(Annotated photo localization data)
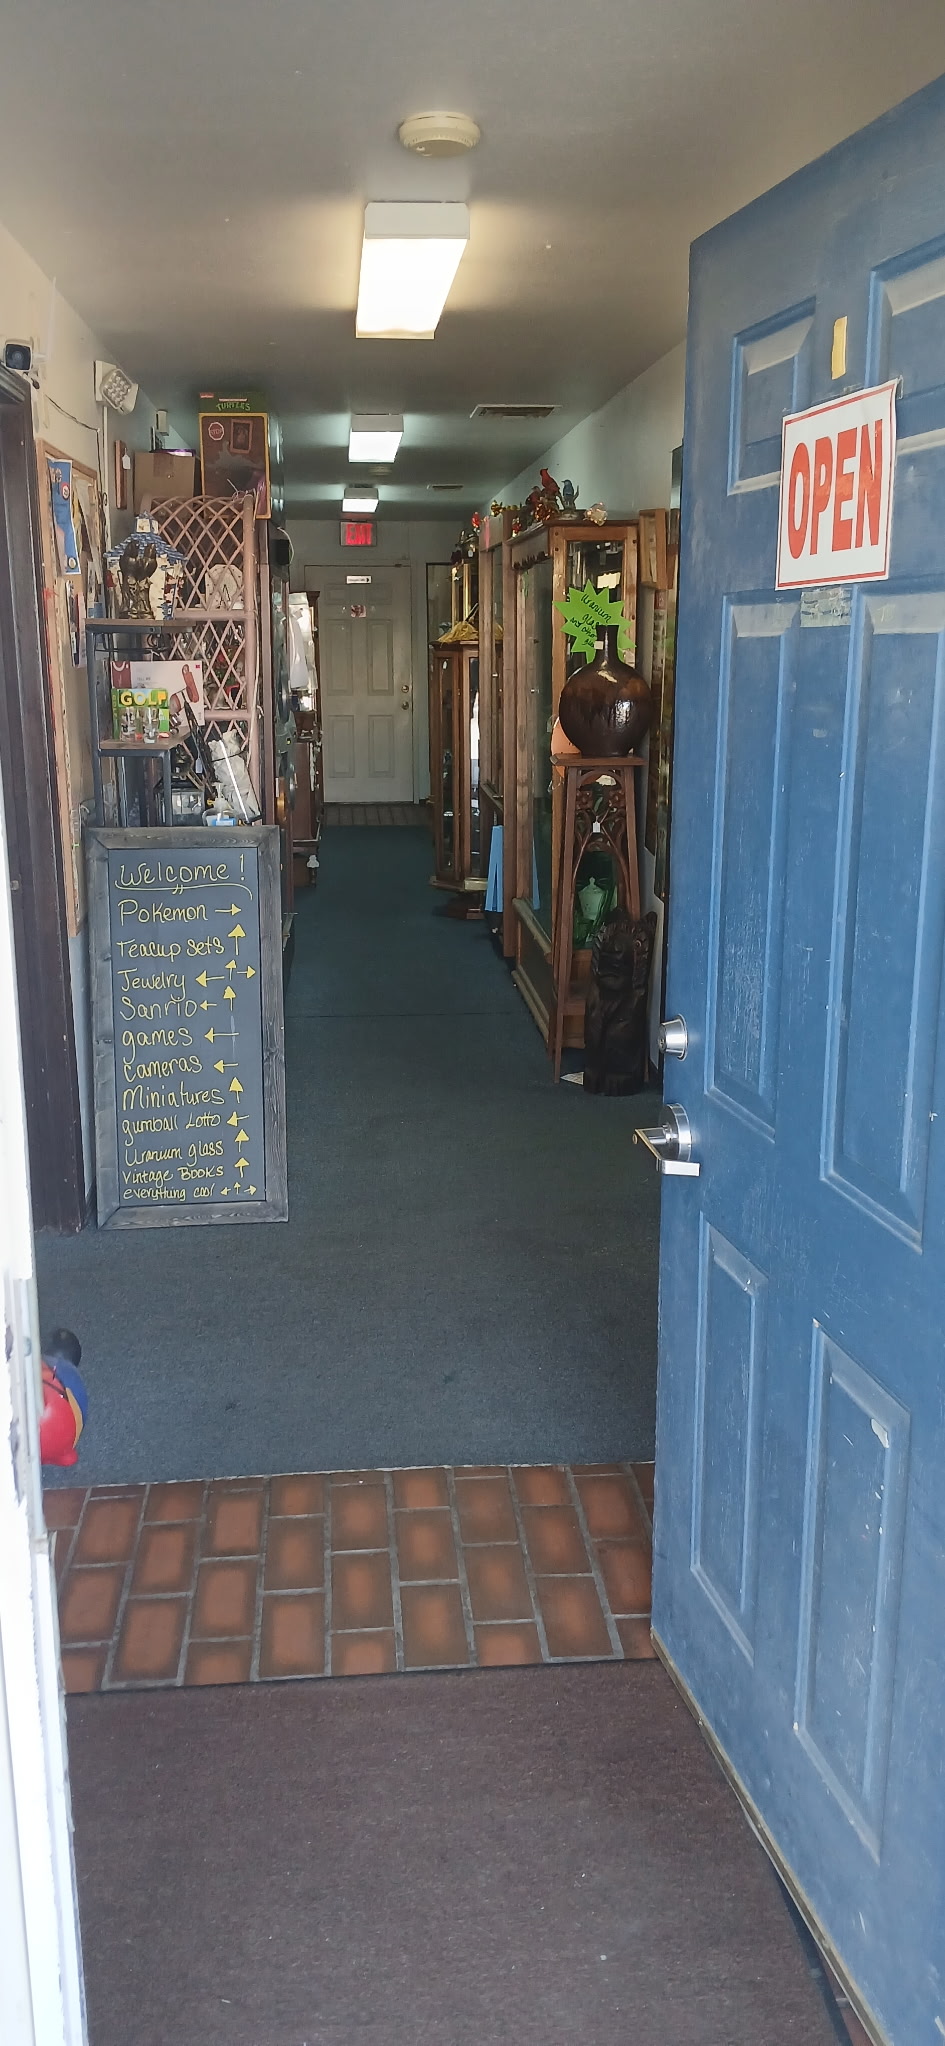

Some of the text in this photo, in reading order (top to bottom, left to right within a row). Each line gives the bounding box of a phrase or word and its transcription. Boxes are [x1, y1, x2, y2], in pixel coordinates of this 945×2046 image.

[216, 402, 251, 411] TURTLES
[788, 419, 883, 559] OPEN
[346, 523, 373, 545] EXIT
[581, 593, 612, 623] Uranium
[120, 690, 167, 706] GOLF
[120, 861, 230, 886] Welcome
[118, 899, 208, 926] Pokemon
[116, 938, 181, 962] Teacup
[117, 967, 186, 1002] Jewelry
[120, 996, 197, 1020] Sanrio
[122, 1027, 193, 1064] games
[123, 1081, 225, 1111] Miniatures
[122, 1111, 221, 1147] gumball Lotto
[125, 1140, 224, 1167] Uranium glass
[123, 1183, 215, 1201] everything cool

--- Exercise requirements ---
The answer must consist of the entries above, reproduced word for word, without any pictures.

--- Your solution ---
Some of the text in this photo, in reading order (top to bottom, left to right within a row). Each line gives the bounding box of a phrase or word and its transcription. Boxes are [x1, y1, x2, y2], in pixel coordinates of this 945×2046 image.

[216, 402, 251, 411] TURTLES
[788, 419, 883, 559] OPEN
[346, 523, 373, 545] EXIT
[581, 593, 612, 623] Uranium
[120, 690, 167, 706] GOLF
[120, 861, 230, 886] Welcome
[118, 899, 208, 926] Pokemon
[116, 938, 181, 962] Teacup
[117, 967, 186, 1002] Jewelry
[120, 996, 197, 1020] Sanrio
[122, 1027, 193, 1064] games
[123, 1081, 225, 1111] Miniatures
[122, 1111, 221, 1147] gumball Lotto
[125, 1140, 224, 1167] Uranium glass
[123, 1183, 215, 1201] everything cool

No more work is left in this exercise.